Fedblog reports that the Department of Justice tried a scam to test the vulnerability of its employees to internet phishing scams. The faux scam has now spread to the Department of Commerce. There is no telling whether other federal agencies, such as Social Security, will pull the same one on its employees. The scam involved an e-mail concerning the Thrift Savings Plan (TSP) of federal employees:
It states that if participants have lost more than 30% of their TSP account value, they are eligible for a one-time U.S. Government bailout to recover their losses. The message directs participants to a "look-alike" TSP web site that asks for account credentials (User Name and Password). The email is signed "TSP Account Coordinator."
If an employee responds to this message by posting their user name and password, nothing bad happens. Apparently, they just receive a message telling them that they just did something really, really stupid and that they had better be more careful.

I suppose this is for a good cause, but it strikes me as wrong.

The Crisis That Ain't

From the blog of Nobel prize-winning economist and New York Times columnist, Paul Krugman:
A while back Jon Chait wrote a great piece about the peculiar insistence of many people in DC that Social Security is a looming crisis, despite the fact that the numbers say it ain’t so. I can’t find a link to the original, but there’s a good summary here. ...

And to prove their seriousness, people are ready to repeat any number they’ve heard about Social Security’s problems — or, worse yet, a number they think they’ve heard, which isn’t remotely correct.
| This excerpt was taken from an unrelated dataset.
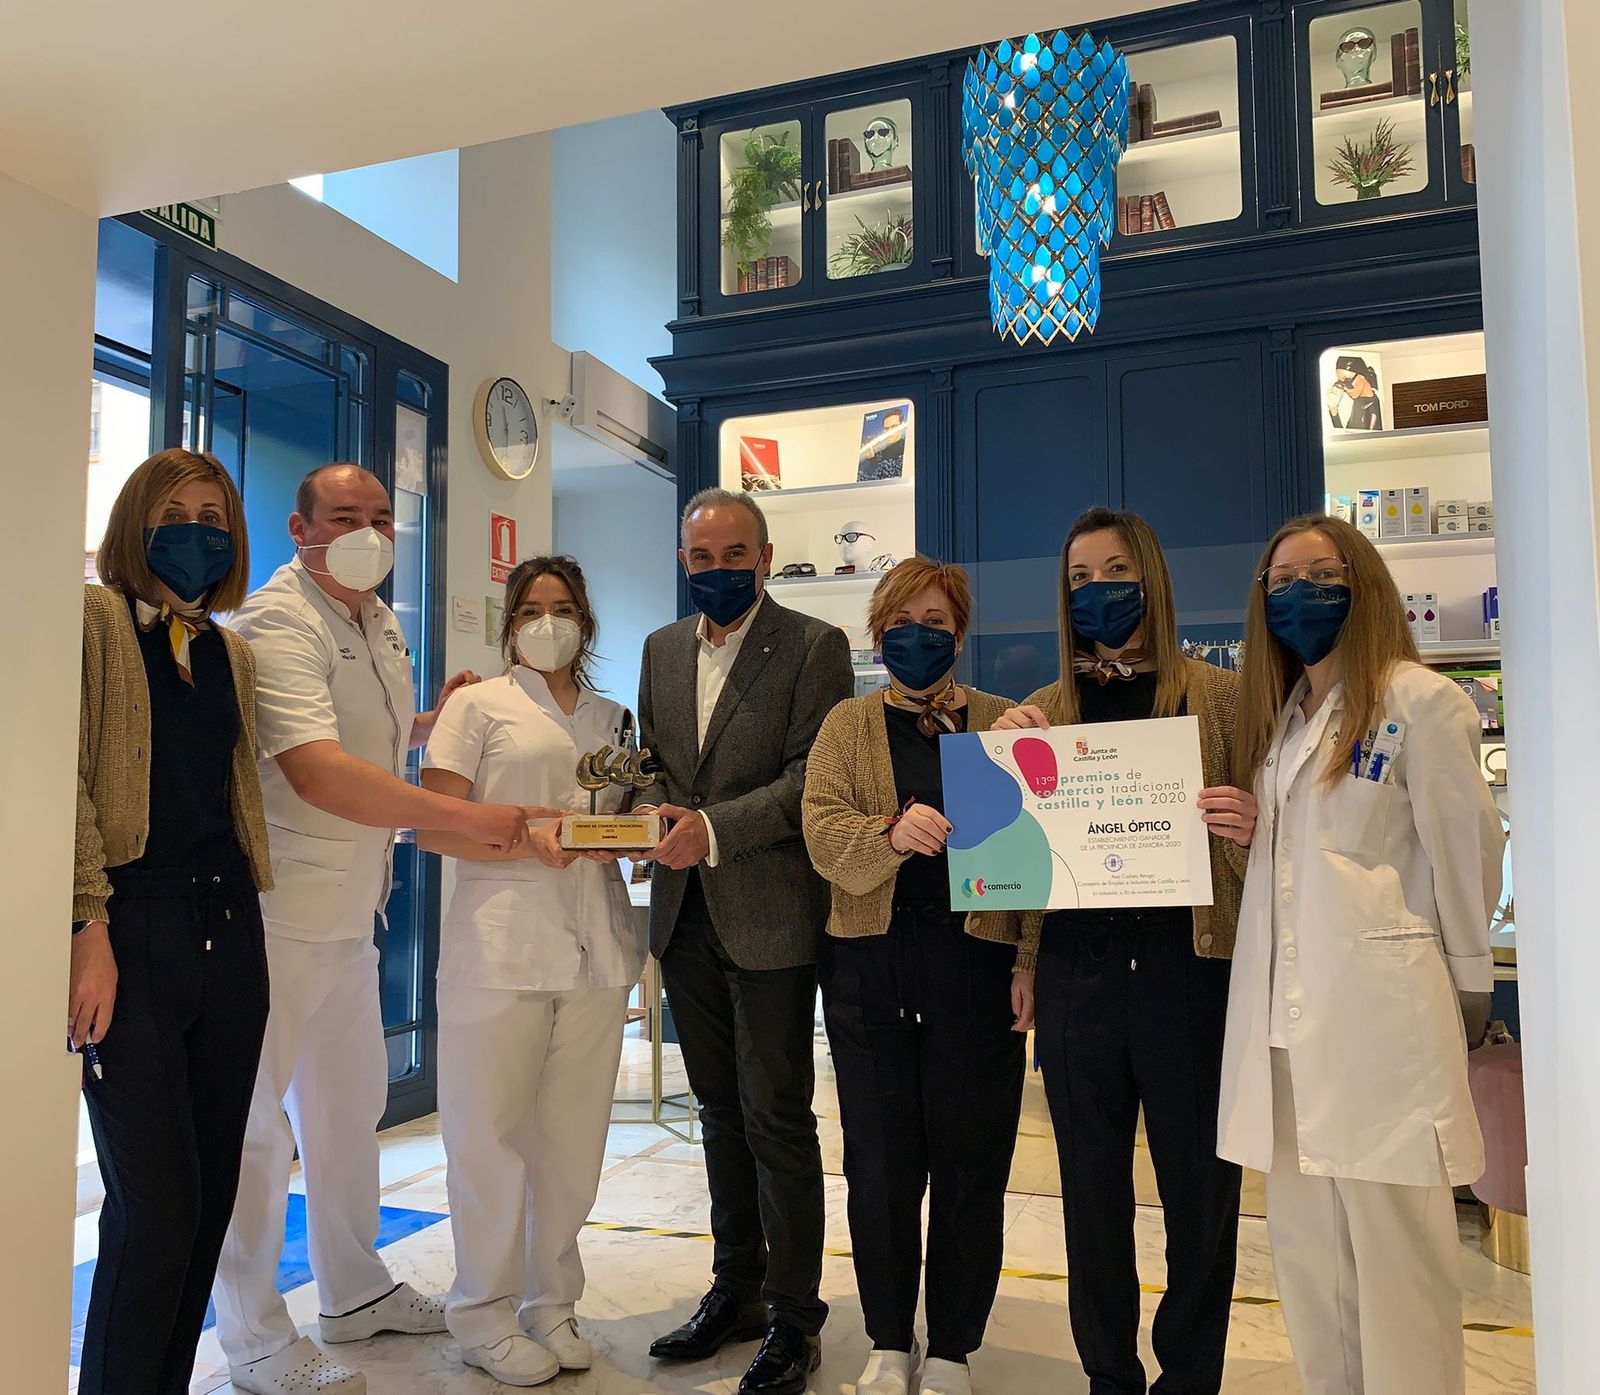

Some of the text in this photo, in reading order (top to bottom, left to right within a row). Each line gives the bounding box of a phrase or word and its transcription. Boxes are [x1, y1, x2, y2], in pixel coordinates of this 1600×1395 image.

Getting What They Had Coming

From the decision of the Third Circuit Court of Appeals in National Taxpayers Union v. Social Security Office of Inspector General:
In 2001, NTU [National Taxpayers Union] sent thousands of direct mail pieces to consumers to solicit donations. The brochures included language in large, red, bold type that stated, “Official National Survey on Social Security.” The brochures also included the statement that it was “commissioned by the NTU for the Social Security Administration, White House, and Congress of the United States.” The Social Security Administration (“SSA”) received a complaint, and the Inspector General of the SSA determined that the mailing violated Section 1140 of the Social Security Act. Section 1140 prohibits the use of nineteen phrases, including “social security,” in a manner that either (1) the writer knows or should know, or (2) the reader could reasonably perceive as conveying the false impression of official endorsement of the material by the SSA or the government. The Inspector General sent a cease-and-desist letter to NTU, and NTU responded with an apology. SSA subsequently received an additional complaint, and determined that the basis of the new complaint was a slightly altered version of the same brochure which NTU mailed after the cease-anddesist letter. The SSA Inspector General sent another letter to NTU, demanding that NTU provide written confirmation of its intent to comply with Section 1140 within ten days. Instead of complying, NTU filed a lawsuit in United States District Court, claiming that Section 1140 was unconstitutional. While the action was pending, NTU mailed a third version of the brochure, which SSA also considered misleading and in violation of Section 1140.

The SSA Inspector General wrote NTU, stating that it planned to impose a penalty in the amount of $274,582, or $.50 per offending direct mail piece. NTU requested a hearing in front of an ALJ, who found that NTU violated both prongs of Section 1140. ... NTU appealed the ALJ’s decision to the Appeals Board of the Department of Health and Human Services, which refused to review the decision, thereby adopting the ALJ’s decision as final. NTU petitions this Court for review of the agency’s final decision. ...

For the foregoing reasons, we will deny NTU’s petition.

Musculoskeletal Listings Extended

Social Security's Listings of Impairments for Musculoskeletal impairments has been extended by two years to February 18, 2011.